Cette fois, c’était à Charlesbourg avant-hier. Un pitbull a gravement blessé deux personnes. Génétiquement conçue pour se battre jusqu’à la mort, cette race est responsable d’une part disproportionnée des attaques canines contre des humains.
Celui-ci s’appelait …Bloody ! Qu’est-ce qu’on attend pour interdire une fois pour toutes ces machines à tuer ? N’est-ce pas un cas évident où le droit de propriété devrait être limité ?
Eux aussi
Déplorant «l’incertitude économique», le premier ministre britannique David Cameron dit souhaiter un référendum rapide sur la souveraineté de l’Écosse, tout en s’opposant à cette éventualité.

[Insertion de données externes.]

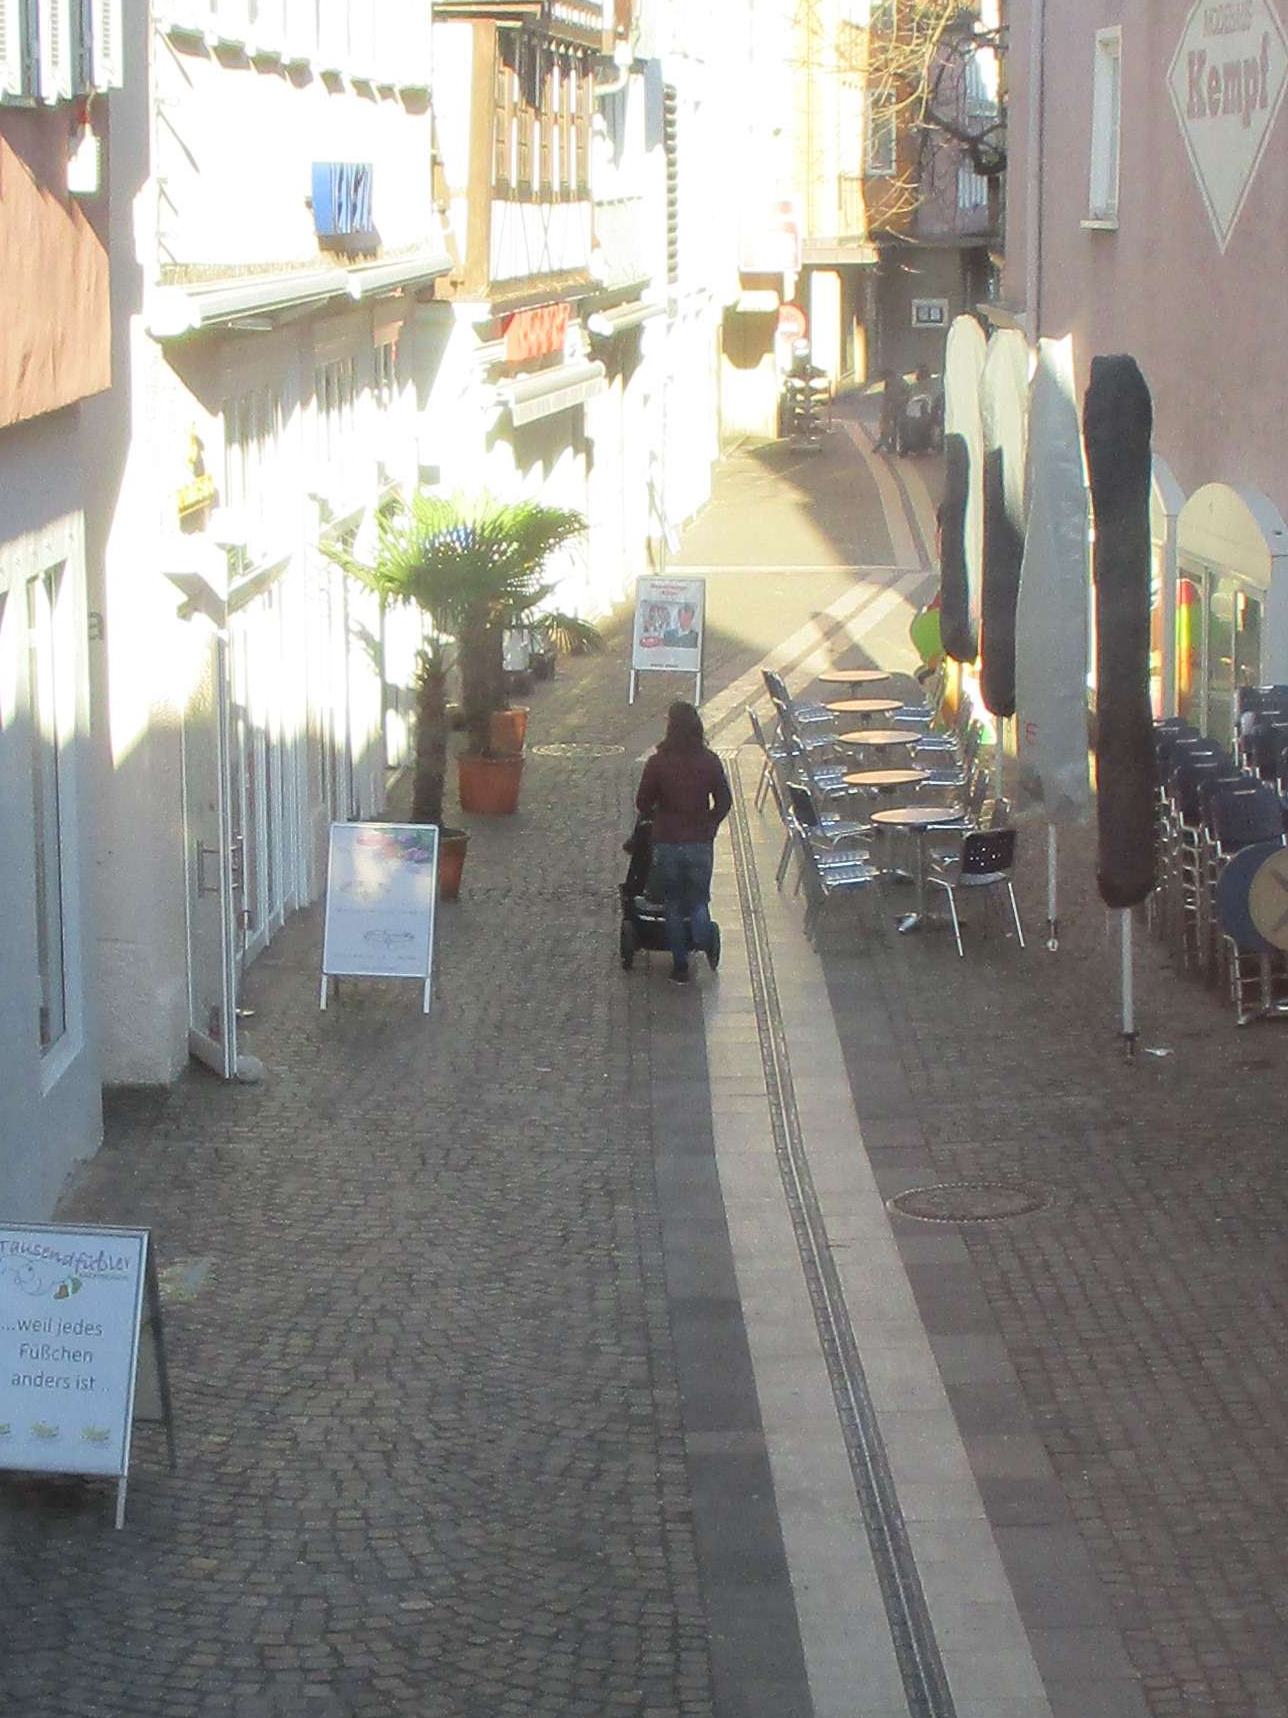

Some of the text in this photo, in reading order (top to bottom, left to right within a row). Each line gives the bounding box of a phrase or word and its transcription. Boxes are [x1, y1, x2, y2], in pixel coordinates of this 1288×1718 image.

«Dans les prochains jours, nous allons définir clairement le cadre légal», a-t-il ajouté. Ça vous rappelle quelque chose ?
Haute tension
L’Iran, qui fait des pieds et des mains pour se doter de la bombe atomique, menace maintenant de bloquer le détroit d’Ormuz, un passage stratégique pour le trafic maritime pétrolier. Ce serait franchir une «ligne rouge» et «nous y répondrions», a assuré Leon Panetta, le secrétaire américain à la Défense.
Tiger !
Quand le dictateur nord-coréen Kim Jong-Il est décédé, peu avant Noël, le régime nous a «informé» qu’en 1994, il avait, à sa première tentative à vie, réussi 11 trous d’un coup au golf, pour un score total de 38 sur un parcours de 18 trous. Ses 17 gardes du corps ont garanti l’authenticité de l’exploit…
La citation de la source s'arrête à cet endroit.